Exercise brief: Could you transcribe every entry below exactly, leaving out the pictures?

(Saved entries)
======

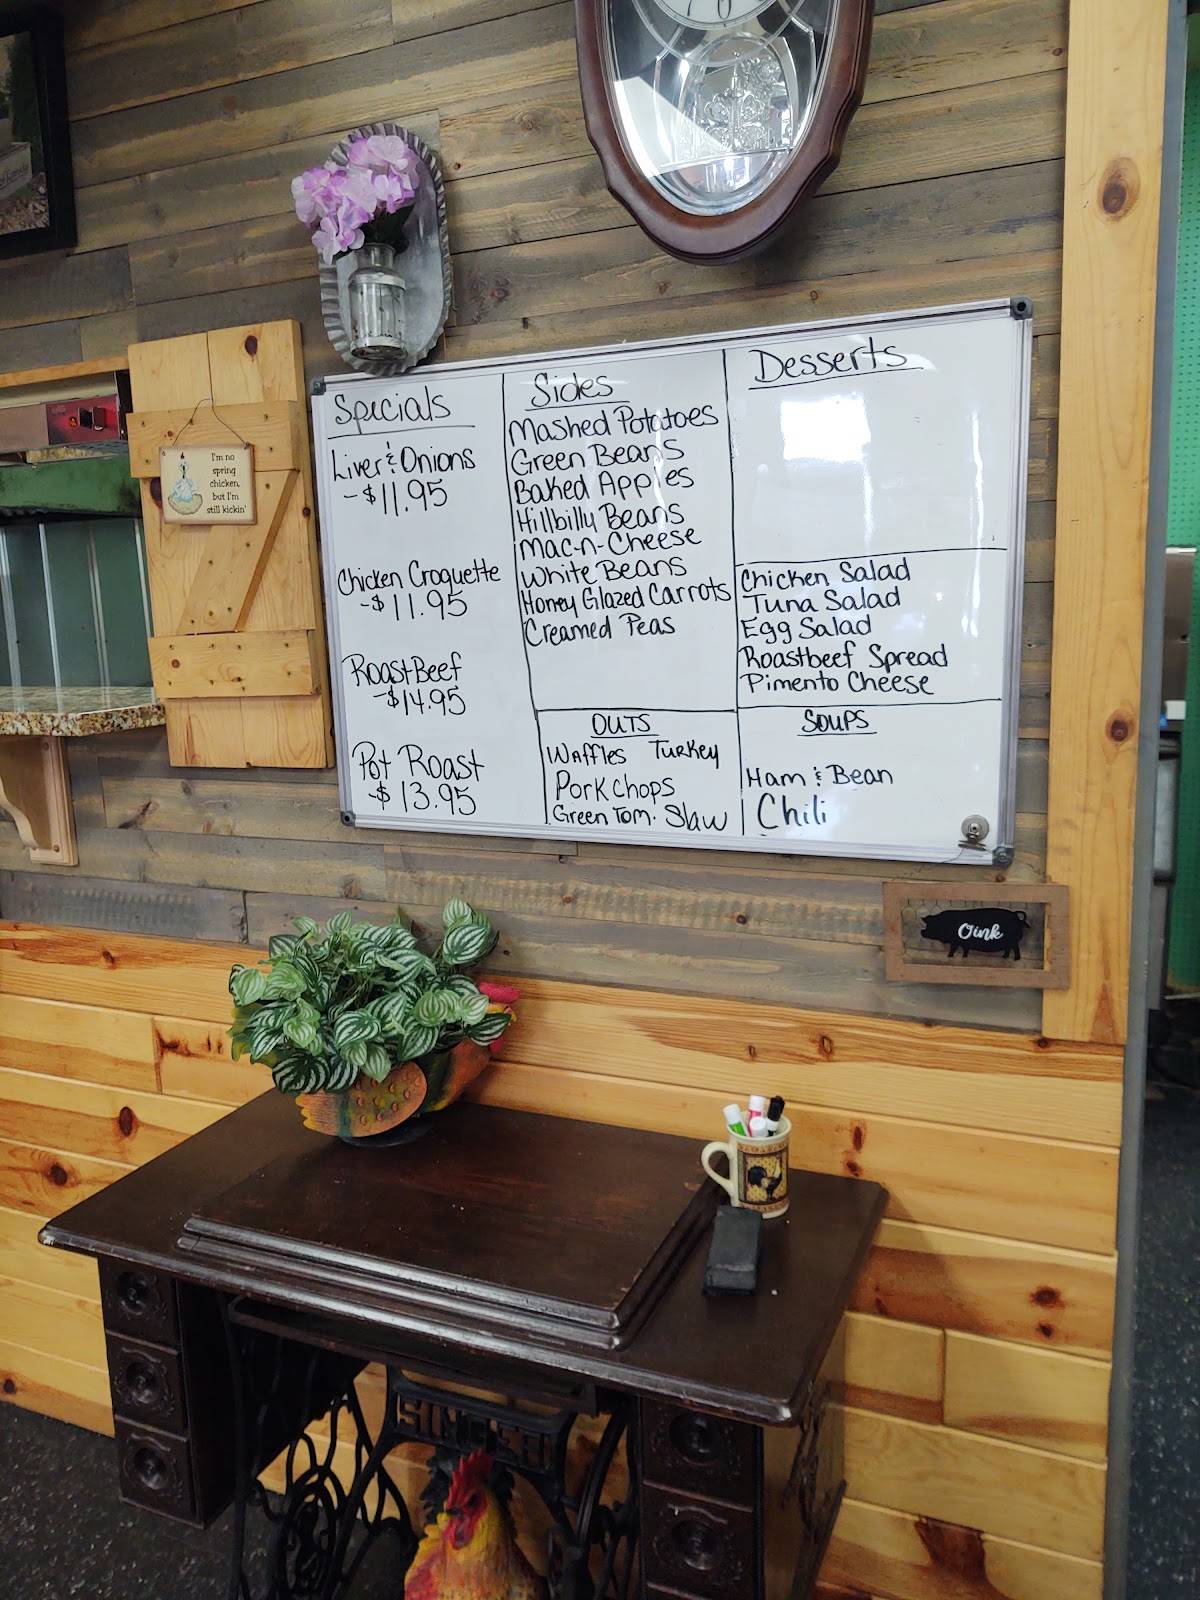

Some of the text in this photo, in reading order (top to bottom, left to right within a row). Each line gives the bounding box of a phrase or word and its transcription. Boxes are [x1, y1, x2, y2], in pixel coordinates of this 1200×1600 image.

[749, 337, 907, 383] Desserts
[531, 372, 614, 407] Sides
[335, 385, 451, 435] Specials
[509, 405, 719, 447] Mashed Potatoes
[211, 452, 235, 462] I'm no
[212, 466, 237, 477] spring
[332, 449, 382, 482] Liver
[400, 446, 476, 474] Onions
[511, 439, 685, 476] Green Beans
[212, 492, 239, 501] but I'm
[514, 467, 695, 505] Baked Apples
[206, 504, 247, 514] still kickin'
[517, 503, 685, 534] Hillbilly Beans
[338, 558, 502, 595] Chicken Croquette
[521, 557, 687, 589] White Beans
[741, 557, 911, 592] Chicken Salad
[521, 577, 732, 618] Honey Glazed Carrots
[743, 586, 901, 614] Tuna Salad
[524, 613, 676, 647] Creamed Peas
[741, 614, 872, 644] Egg Salad
[868, 643, 948, 673] Spread
[739, 671, 934, 694] Pimento Cheese
[592, 713, 651, 735] OUTS
[352, 741, 485, 781] Pot Roast
[746, 767, 806, 788] Ham
[826, 764, 893, 785] Bean
[553, 804, 608, 825] Green
[664, 802, 728, 831] Slaw
[757, 792, 827, 830] Chili
[957, 922, 1004, 942] Oink

======

Answer to the problem:
Some of the text in this photo, in reading order (top to bottom, left to right within a row). Each line gives the bounding box of a phrase or word and its transcription. Boxes are [x1, y1, x2, y2], in pixel coordinates of this 1200×1600 image.

[749, 337, 907, 383] Desserts
[531, 372, 614, 407] Sides
[335, 385, 451, 435] Specials
[509, 405, 719, 447] Mashed Potatoes
[211, 452, 235, 462] I'm no
[212, 466, 237, 477] spring
[332, 449, 382, 482] Liver
[400, 446, 476, 474] Onions
[511, 439, 685, 476] Green Beans
[212, 492, 239, 501] but I'm
[514, 467, 695, 505] Baked Apples
[206, 504, 247, 514] still kickin'
[517, 503, 685, 534] Hillbilly Beans
[338, 558, 502, 595] Chicken Croquette
[521, 557, 687, 589] White Beans
[741, 557, 911, 592] Chicken Salad
[521, 577, 732, 618] Honey Glazed Carrots
[743, 586, 901, 614] Tuna Salad
[524, 613, 676, 647] Creamed Peas
[741, 614, 872, 644] Egg Salad
[868, 643, 948, 673] Spread
[739, 671, 934, 694] Pimento Cheese
[592, 713, 651, 735] OUTS
[352, 741, 485, 781] Pot Roast
[746, 767, 806, 788] Ham
[826, 764, 893, 785] Bean
[553, 804, 608, 825] Green
[664, 802, 728, 831] Slaw
[757, 792, 827, 830] Chili
[957, 922, 1004, 942] Oink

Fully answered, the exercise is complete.